You also mentioned that: Preliminary evidence suggests that after head trauma, the most important children to undergo CT scan include those under two, those in bicycle accidents, those who are dizzy, who have changes in behavior or vision, and those with a skull fracture. To know if there had been a subtle skull fracture, you suggested that it would be better to get a regular x-ray first rather than opting for CT straightaway. Why is that so?

Dr. Greene’s Answer:

I was taught as a pediatric resident that skull x-rays were obsolete, that if you were wondering about a fracture you should just get the CT to avoid exposing the child to radiation twice. I now disagree. While a CT scan can indeed answer the skull fracture question (and more), it takes hundreds of times more radiation to do this. If a skull fracture would be the only reason for getting a CT, you can settle that question with a regular skull x-ray first, saving many children from unnecessary CT scans.

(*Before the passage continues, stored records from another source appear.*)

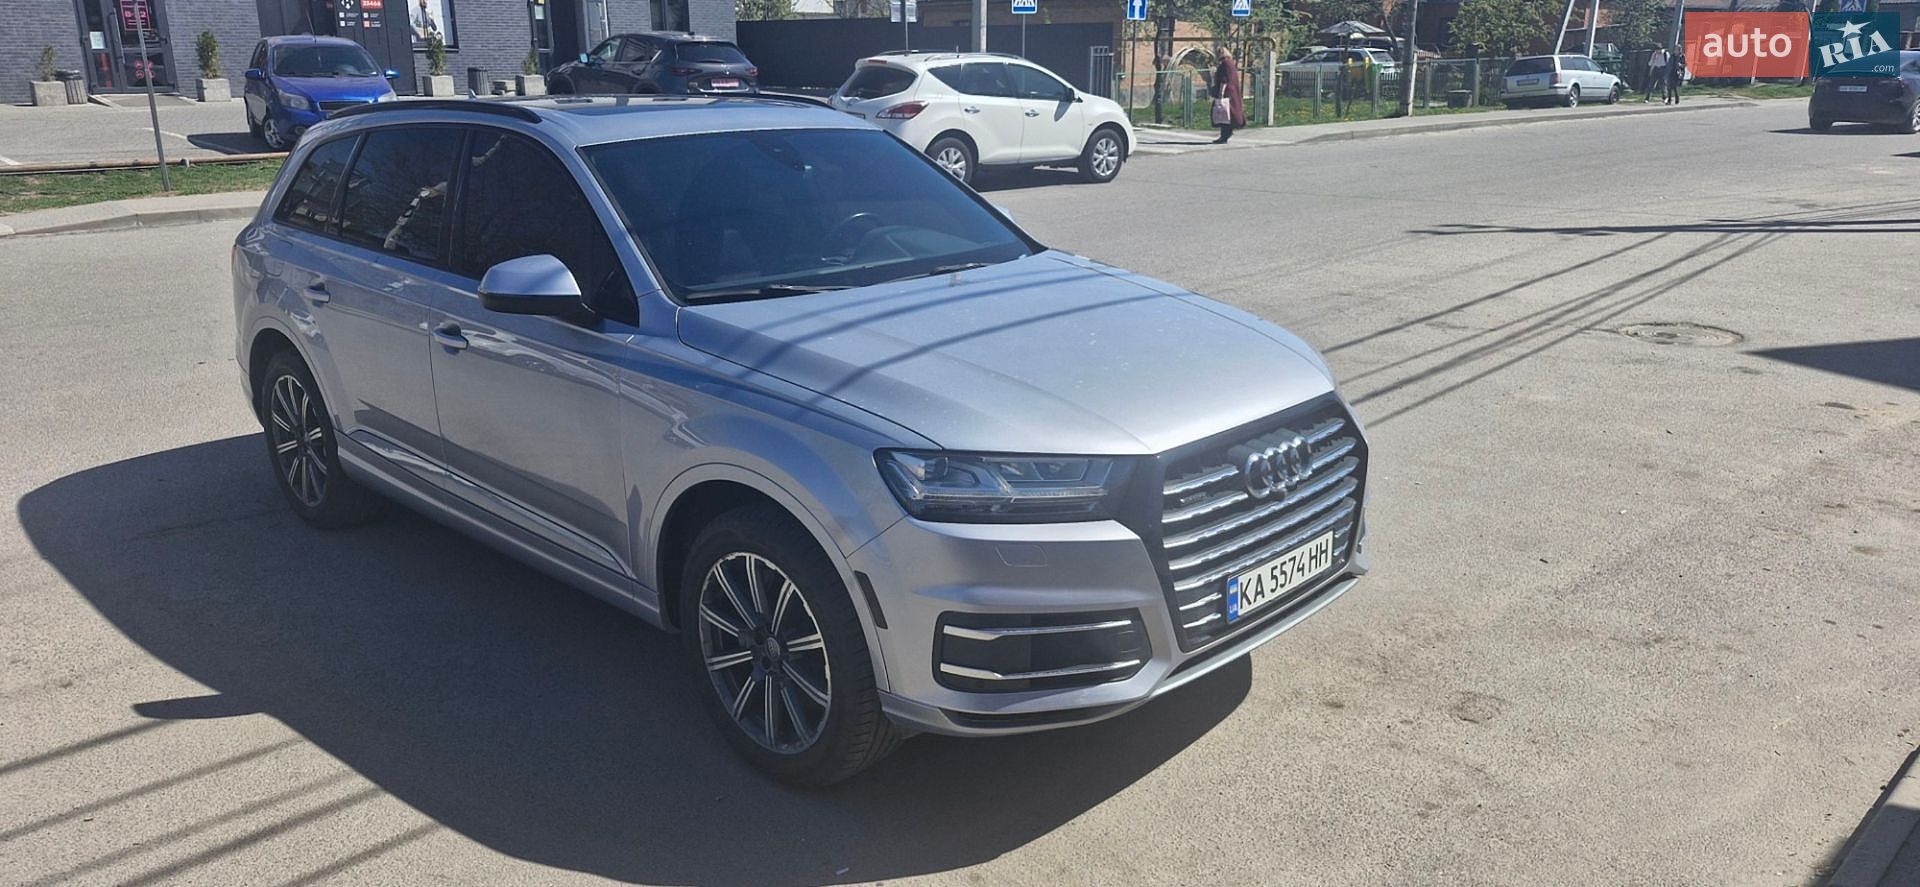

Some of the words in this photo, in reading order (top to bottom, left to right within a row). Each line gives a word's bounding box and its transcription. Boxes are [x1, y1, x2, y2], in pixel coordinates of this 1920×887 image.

[1240, 573, 1265, 609] KA
[1270, 551, 1305, 593] 5574
[1308, 538, 1329, 573] HH
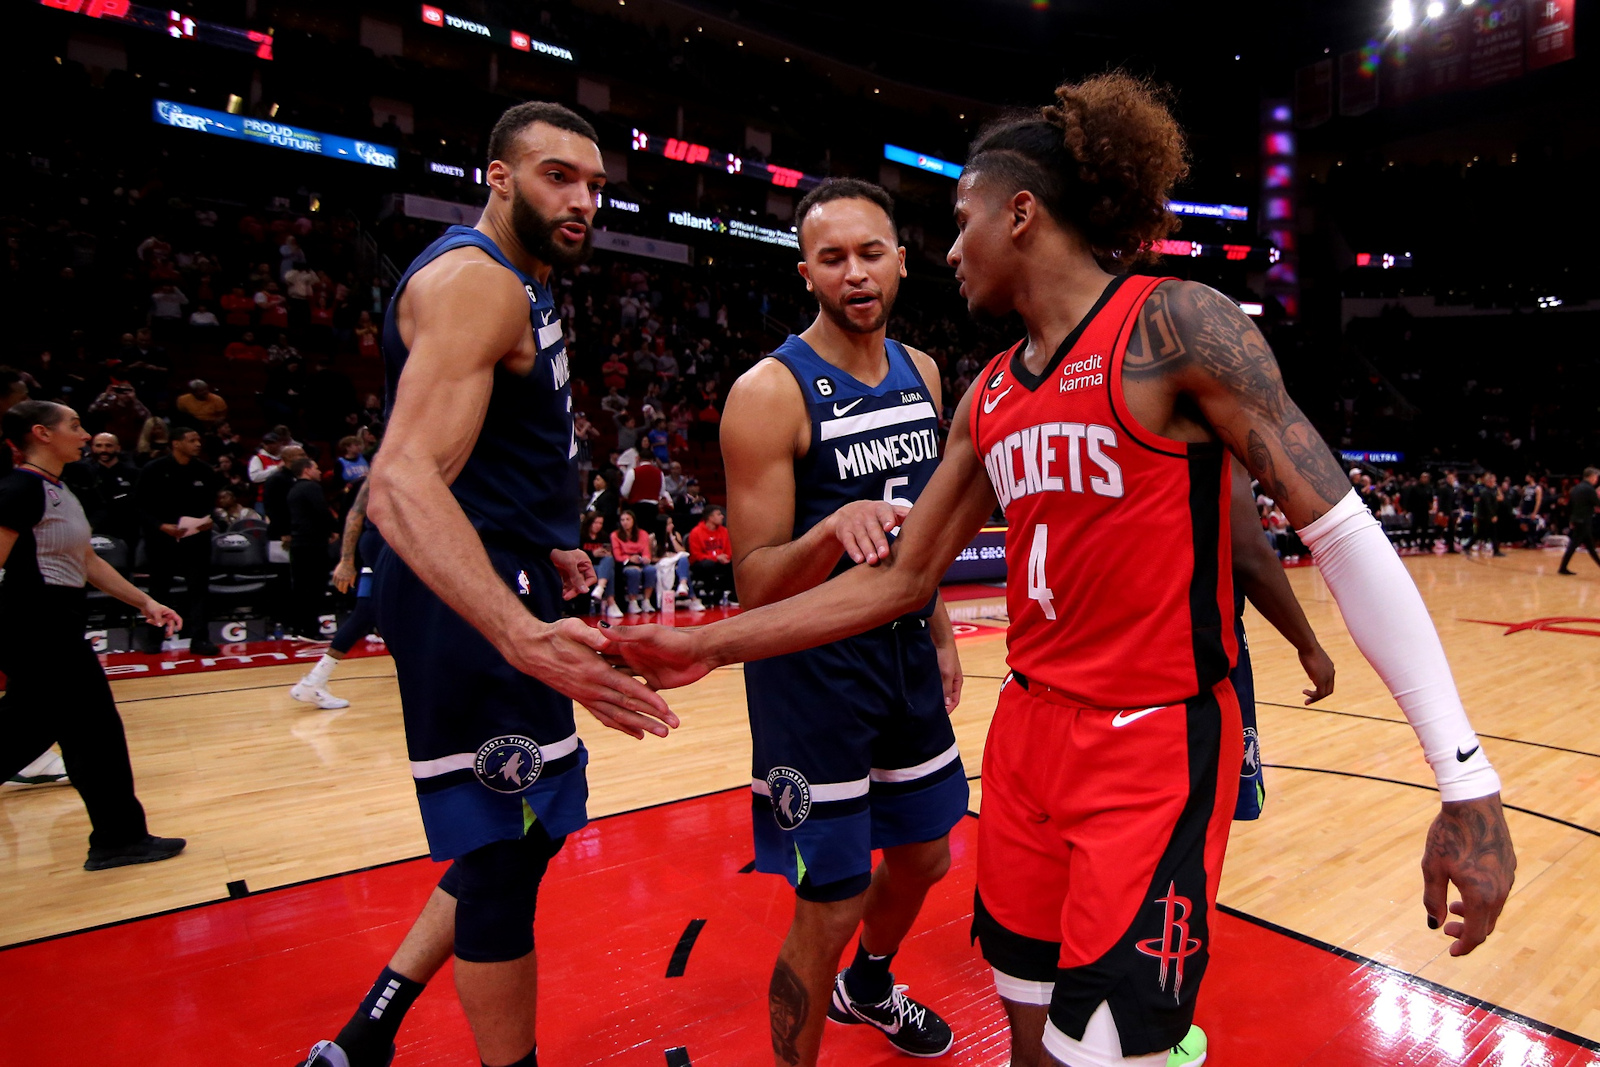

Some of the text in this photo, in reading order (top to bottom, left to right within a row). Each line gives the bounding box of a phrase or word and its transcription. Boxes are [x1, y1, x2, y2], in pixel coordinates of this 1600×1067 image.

[445, 14, 491, 37] TOYOTA
[531, 39, 573, 61] TOYOTA
[169, 111, 207, 132] KBR
[243, 118, 293, 138] PROUD
[269, 133, 322, 153] FUTURE
[664, 138, 710, 164] UP
[365, 151, 397, 169] KBR
[668, 211, 713, 231] reliant
[729, 219, 755, 233] Official
[729, 228, 739, 236] of
[738, 229, 751, 240] the
[525, 284, 537, 303] 6
[1063, 354, 1103, 376] credit
[816, 378, 833, 396] 6
[990, 371, 1005, 389] 6
[1059, 372, 1104, 394] karma
[834, 428, 938, 481] MINNESOTA
[1369, 453, 1398, 463] ULTRA
[1027, 523, 1057, 621] 4
[221, 621, 248, 642] G
[476, 738, 541, 781] MINNESOTA TIMBERWOLVES
[781, 769, 810, 820] TIMBERWOLVES
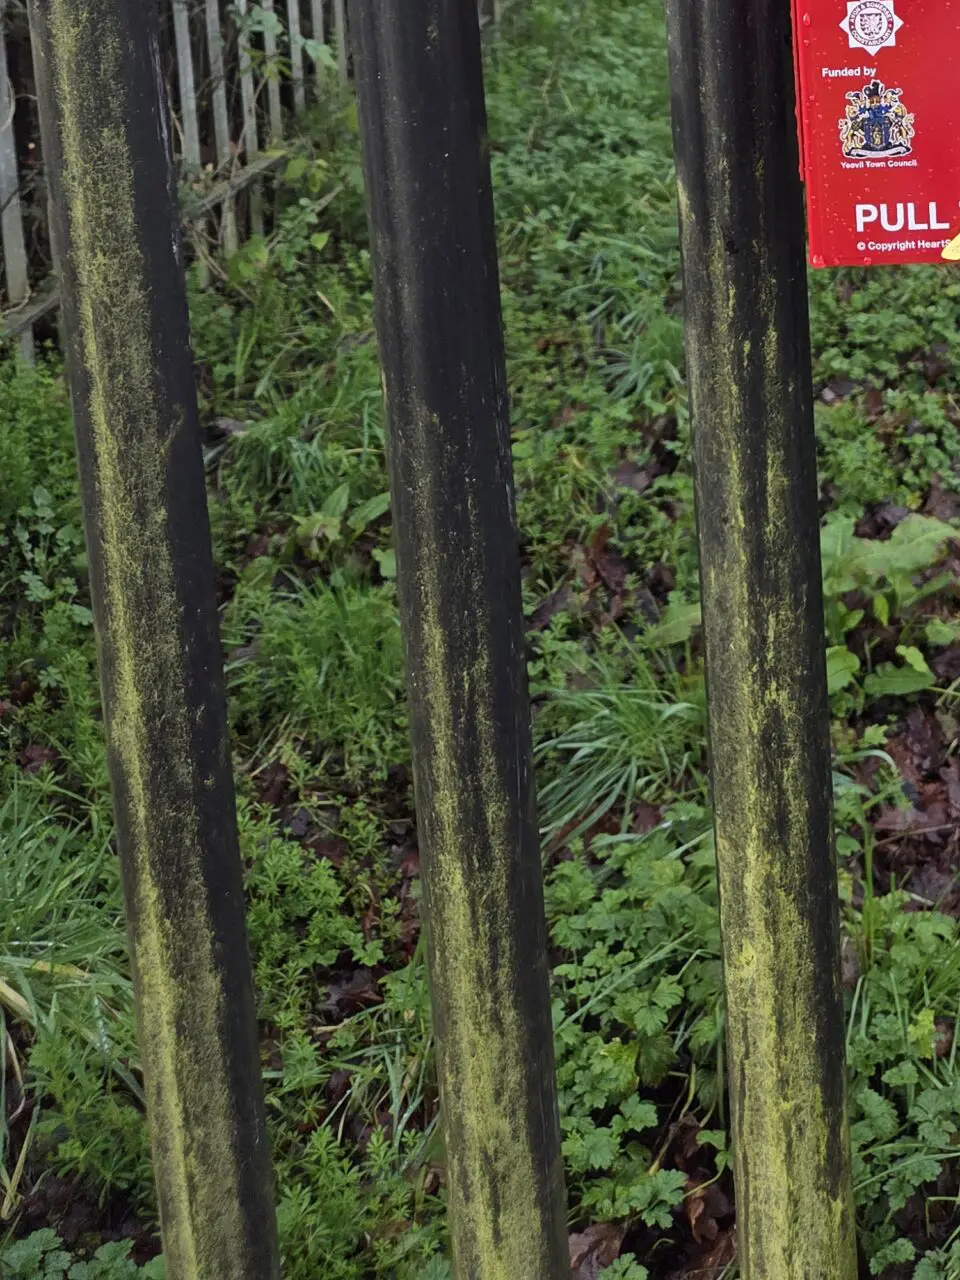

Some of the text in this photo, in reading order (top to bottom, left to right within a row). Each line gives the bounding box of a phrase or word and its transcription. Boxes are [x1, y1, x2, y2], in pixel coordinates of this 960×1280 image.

[821, 65, 877, 78] Funded by
[841, 159, 918, 169] Yeovil Town Council
[856, 202, 949, 232] PULL
[867, 240, 916, 252] Copyright
[918, 238, 960, 248] HeartS
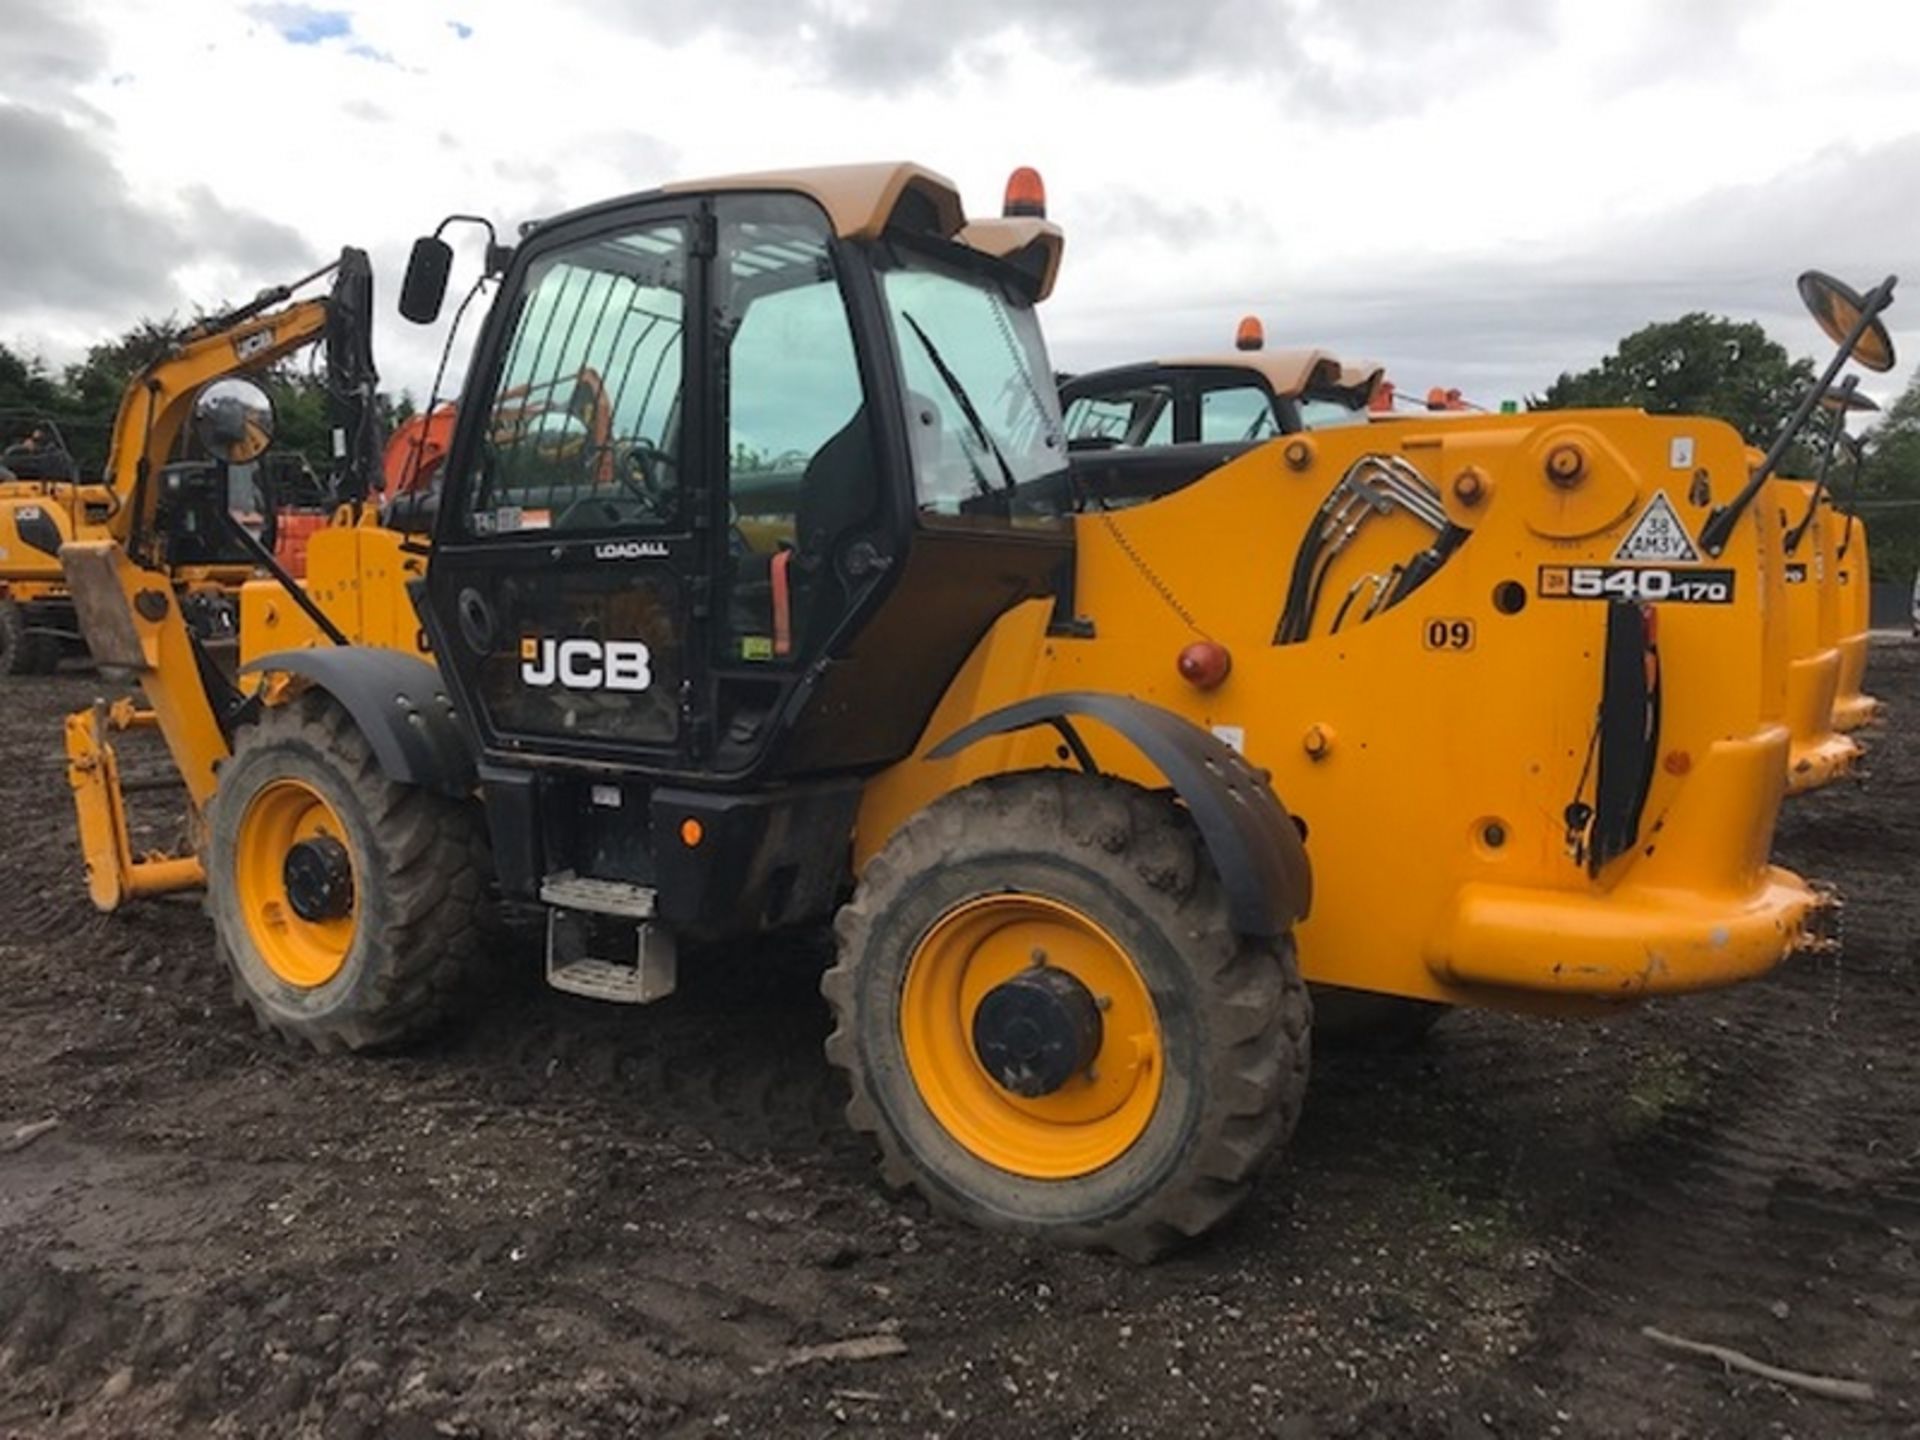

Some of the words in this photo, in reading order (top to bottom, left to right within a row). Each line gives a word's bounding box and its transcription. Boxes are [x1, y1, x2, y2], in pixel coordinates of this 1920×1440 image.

[1646, 518, 1669, 534] 38
[595, 542, 669, 559] LOADALL
[1429, 621, 1470, 648] 09
[521, 639, 650, 690] JCB

Read More From This Series:
CT Scan Defined
CT Scan, Ultrasound or MRI?
CT Scan Safety
CT Scans and Radiation Exposure
CT Scan Risks
Higher Risks in Children
Who Should Receive a CT Scan?
X-Ray or a CT Scan?
Alternatives to a CT Scan
When Should a CT Scan be Performed?
Important Tip to Reduce Radiation
Questions to Ask before Every CT Scan
Other Radiation Exposures
Measures That Radiologists Should Adhere to When Administering a CT Scan
CT Scans and Cancer
When are MRIs not Practical?
What is Ionizing Radiation?
Who are Radiologists?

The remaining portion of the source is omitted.